Seth sighs thoughtfully. "Contrary to any sort of logic, it seems the fools responsible for the attack haven't moved on; that, or even less likely, their mantle has been picked up by more heretics. Either way, it seems this is not going to be a wild goose chase. What of your exploits, friends? Find anything useful?"
Ithelus smile at Illiiya, obviously relieved that she is safe, and also perhaps that she didn't make trouble whilst he was not around to protect her. 'We found a few names and addresses of interest yes, perhaps this evening we should convene somewhere and put them all together on paper.'
He looks at Lothar, 'Are we to go rent the basement?'
Lothar nods to the elf. "Seems a plan, Ith.

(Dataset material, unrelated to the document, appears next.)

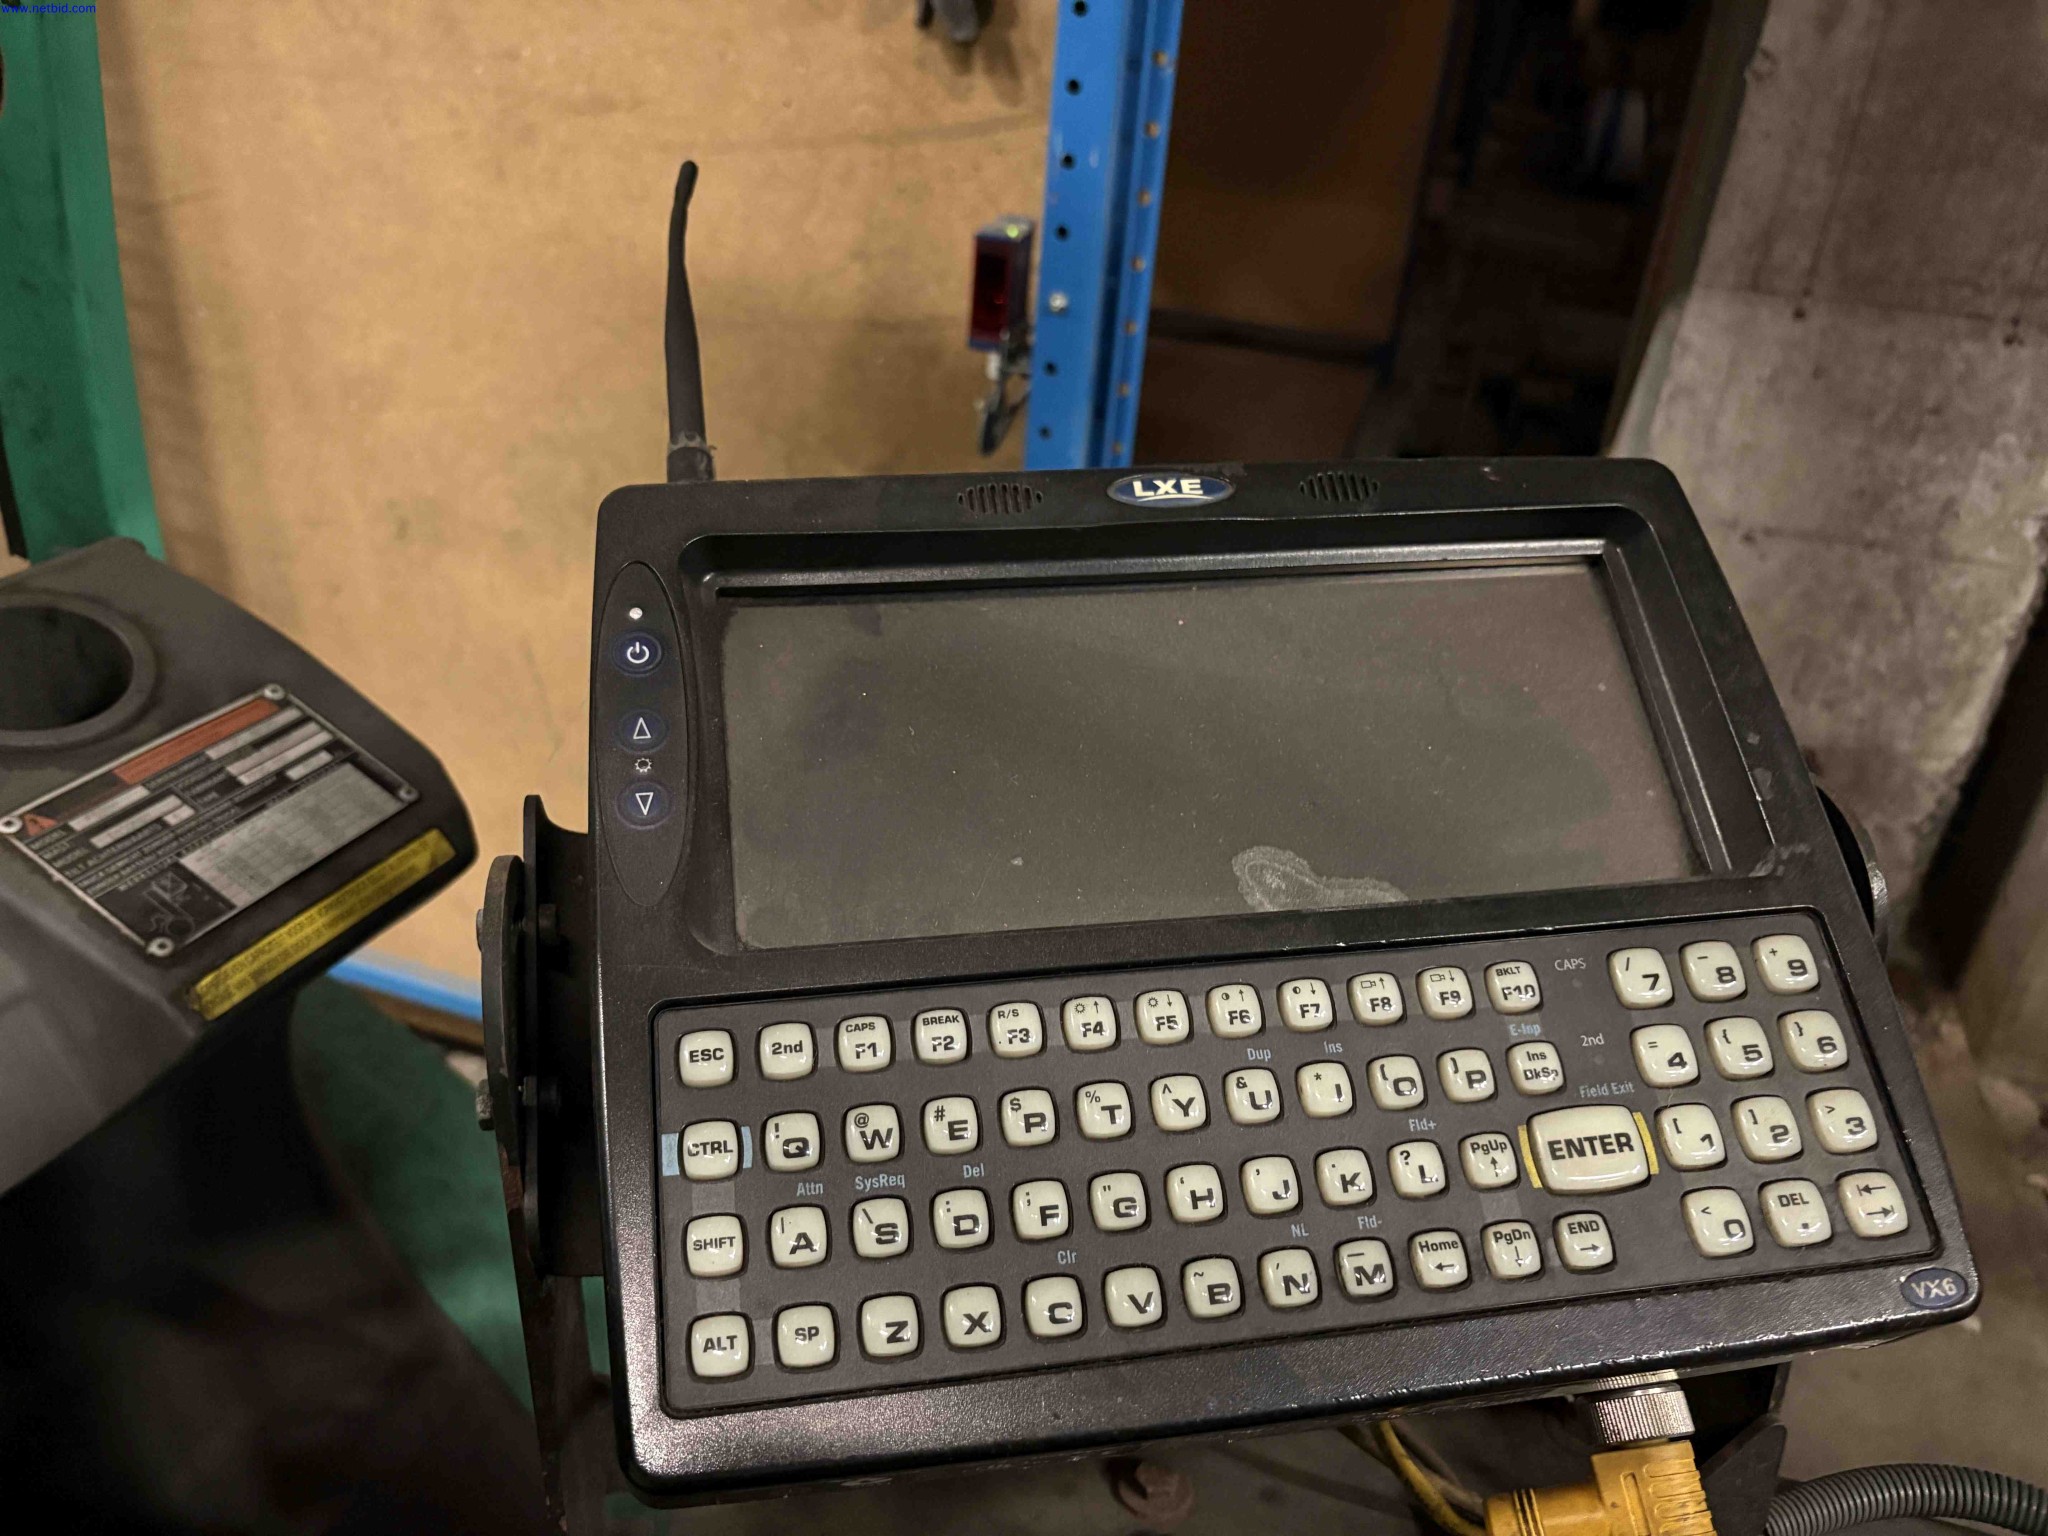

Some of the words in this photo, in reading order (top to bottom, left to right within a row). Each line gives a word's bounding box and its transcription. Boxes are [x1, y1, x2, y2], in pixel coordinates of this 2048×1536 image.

Lead on!" He strikes a mock heroic pose, hand on the hilt of a sword. A sideways grin at Illiiya looks a bit forced- habit rather than any actual flirtation.
Adjusting his armor and looking a tad rebuffed, Seth straightens his armor. "Um, well, at least tell me whether you learned anything I would do well to know while questioning at the houses of worship? OH! And another thing." Seth looks a bit sheepish.
"The information I found didn't come cheap. I make no demands, but I had to deposit 3 crowns in a greasy palm. If anyone feels like reimbursing me, I would consider it charity-and any charity I receive, I hand directly to the church." Seth professes the last proudly, looking far too much the pulpit-pounder for one in armor.
Raffy ... will share what clues they've found out.
Anything clue-related from the IC posts of Raffy and Ithelus is thereby shared, for Seth and anyone else who needs it. If you didn't read the posts, see my "useful info" post in the OOC thread for a summary. Sorry, I can't bring myself to type it a third time :)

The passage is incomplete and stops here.